Sorry this comes a little late in the day, but hope you have all your dreams come true in the happy year ahead!
You are one special lady I'm proud to call friend!!


----------



## Dawgluver (Jun 28, 2015)

Happy Birthday, Cooking Goddess!!  (How did we miss this?)


----------



## Steve Kroll (Jun 28, 2015)

Happy Birthday, CG!


----------



## Cheryl J (Jun 28, 2015)

Happy, happy birthday CG!  You're a wonderful forum friend, and I wish you the very best in the upcoming year!


----------



## taxlady (Jun 28, 2015)

Happy Birthday Cooking Goddess. I hope you had a great day.


----------



## LPBeier (Jun 28, 2015)

Sorry I am late with the wishes here, CG but I got ya on FB!


----------



## Whiskadoodle (Jun 28, 2015)

Happy Birthday CG


----------



## Andy M. (Jun 28, 2015)

Happy Birthday!


----------



## Hoot (Jun 28, 2015)

Happy Birthday!


----------



## Josie1945 (Jun 28, 2015)

Happy Birthday

Josie


----------



## GotGarlic (Jun 28, 2015)

Aw, so sorry I missed your birthday!
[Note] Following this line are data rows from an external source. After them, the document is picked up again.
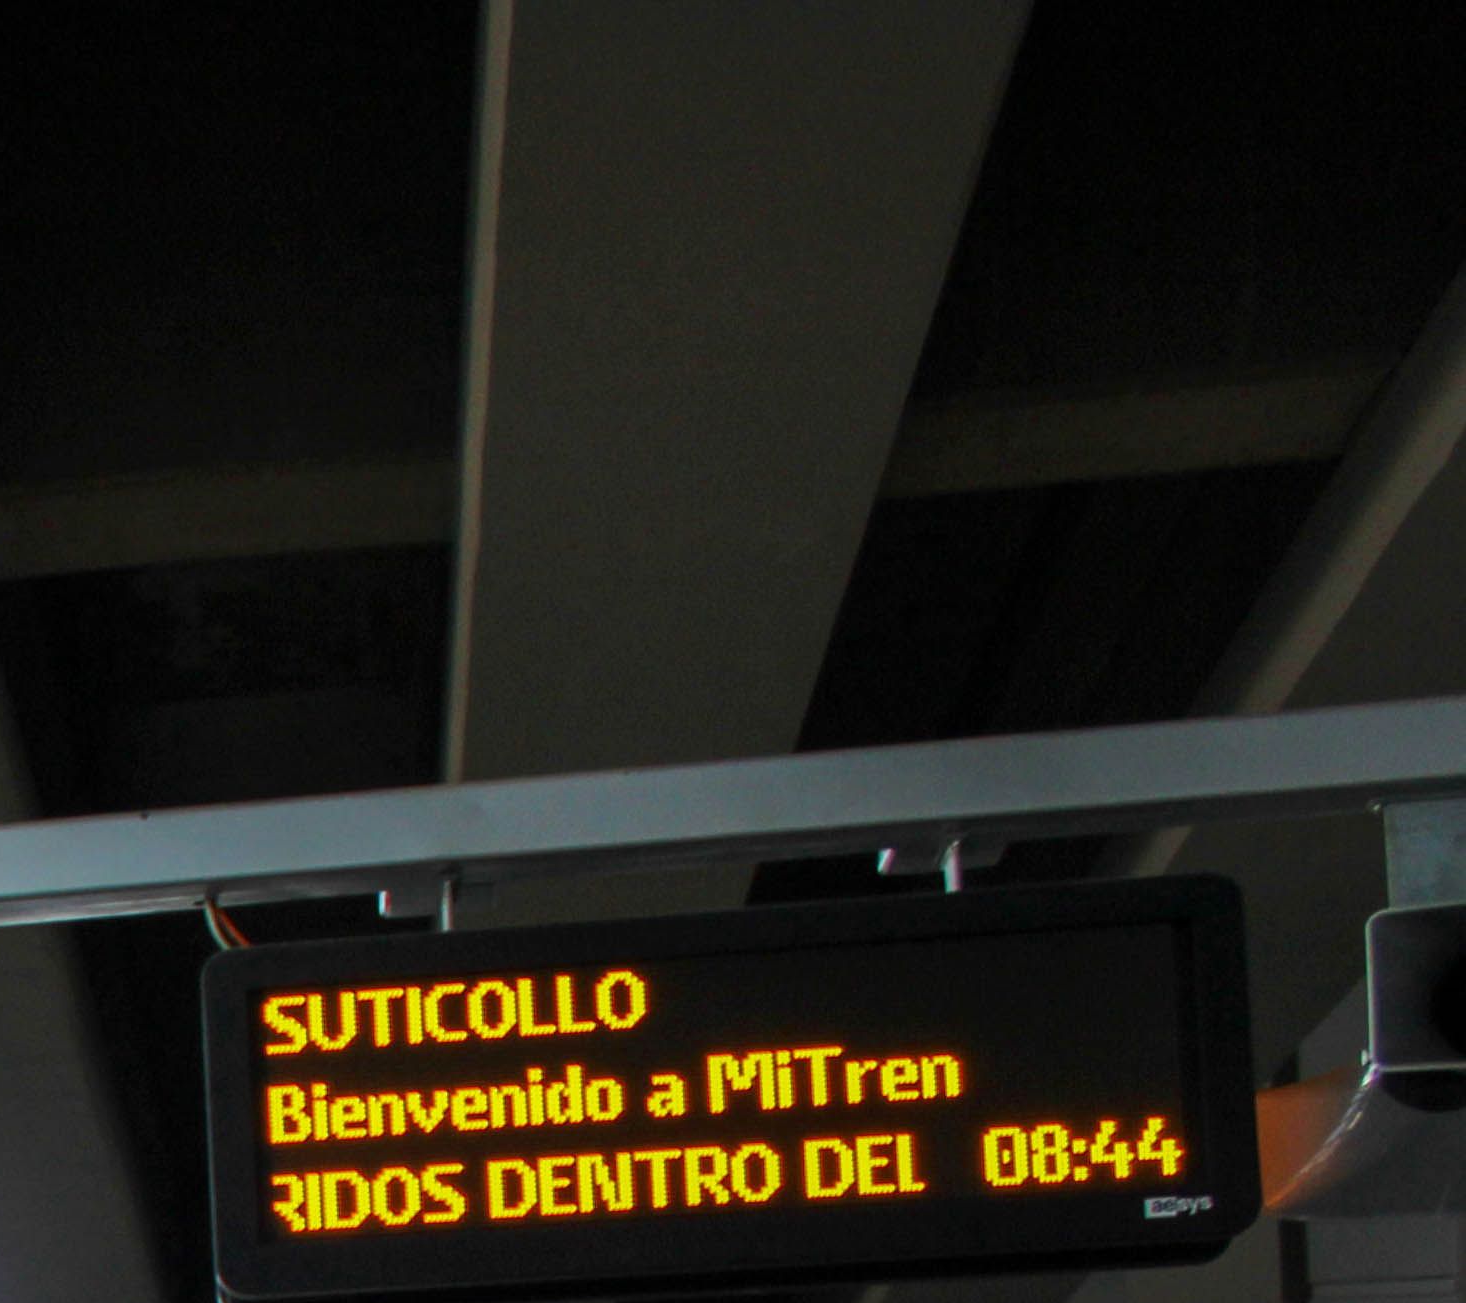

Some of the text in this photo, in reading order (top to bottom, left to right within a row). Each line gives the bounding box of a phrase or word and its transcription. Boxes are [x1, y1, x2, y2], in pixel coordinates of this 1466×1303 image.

[263, 970, 647, 1055] SUTICOLLO
[266, 1046, 961, 1145] Bienvenido a MiTren
[486, 1142, 782, 1220] DENTRO
[803, 1133, 926, 1199] DEL
[983, 1116, 1183, 1188] 08:44
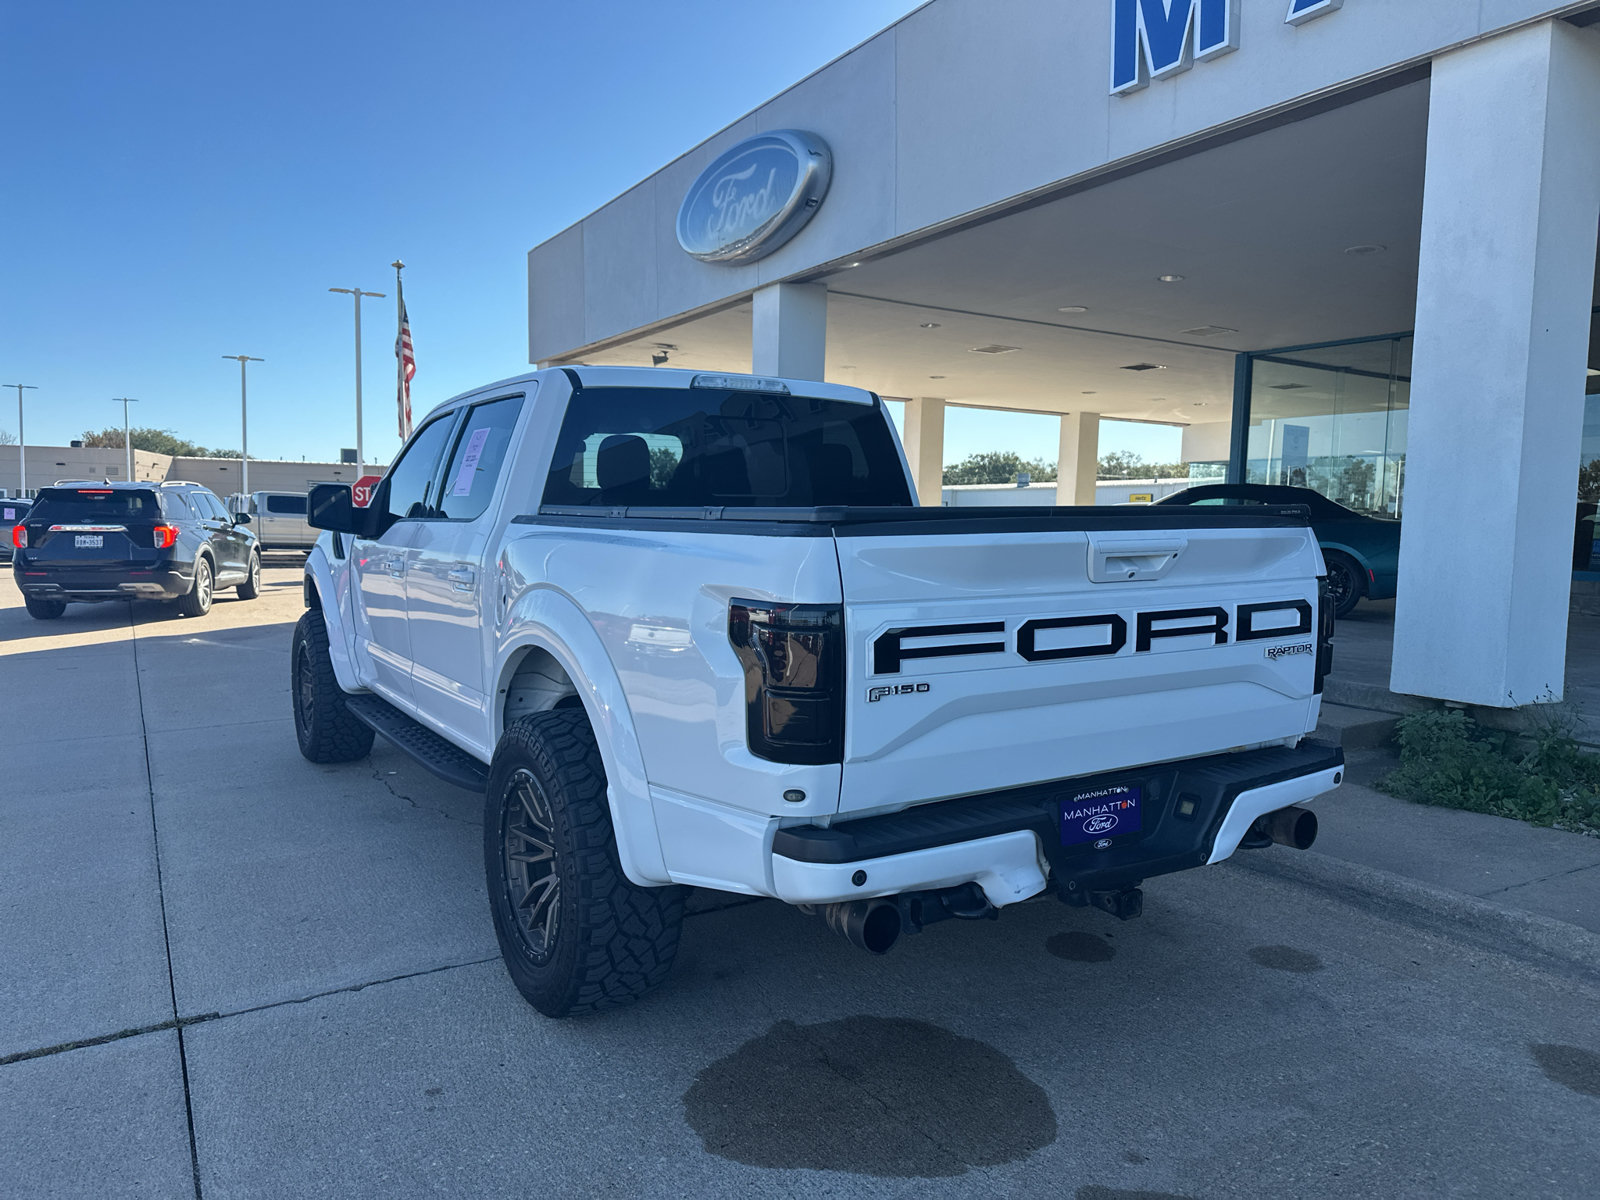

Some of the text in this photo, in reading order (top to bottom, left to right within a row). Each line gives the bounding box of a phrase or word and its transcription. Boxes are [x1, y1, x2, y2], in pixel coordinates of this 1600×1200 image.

[707, 163, 777, 239] Ford
[354, 486, 371, 502] ST
[873, 598, 1312, 675] FORD
[1265, 643, 1313, 660] RAPTOR
[1089, 817, 1113, 831] Ford
I hope you had a lovely day, friend!


----------



## bethzaring (Jun 28, 2015)

A very merry Happy Birthday to you!!


----------



## Addie (Jun 28, 2015)

Happy Birthday. Climbing up there is hard work, but don't give up. You can make it. I have faith in you. And some day, that team of your is going to win the World Series.


----------



## CharlieD (Jun 28, 2015)

Happy Birthday!


----------



## Cooking Goddess (Jun 29, 2015)

Thank you all, so very much. Due to the weather, my birthday dinner has been delayed yet another day. *sigh* I don't care if Himself has to go out in his winter jacket tomorrow, he WILL grill on Monday! So...we can celebrate all over again! 



Dawgluver said:


> Happy Birthday, Cooking Goddess!!  (How did we miss this?)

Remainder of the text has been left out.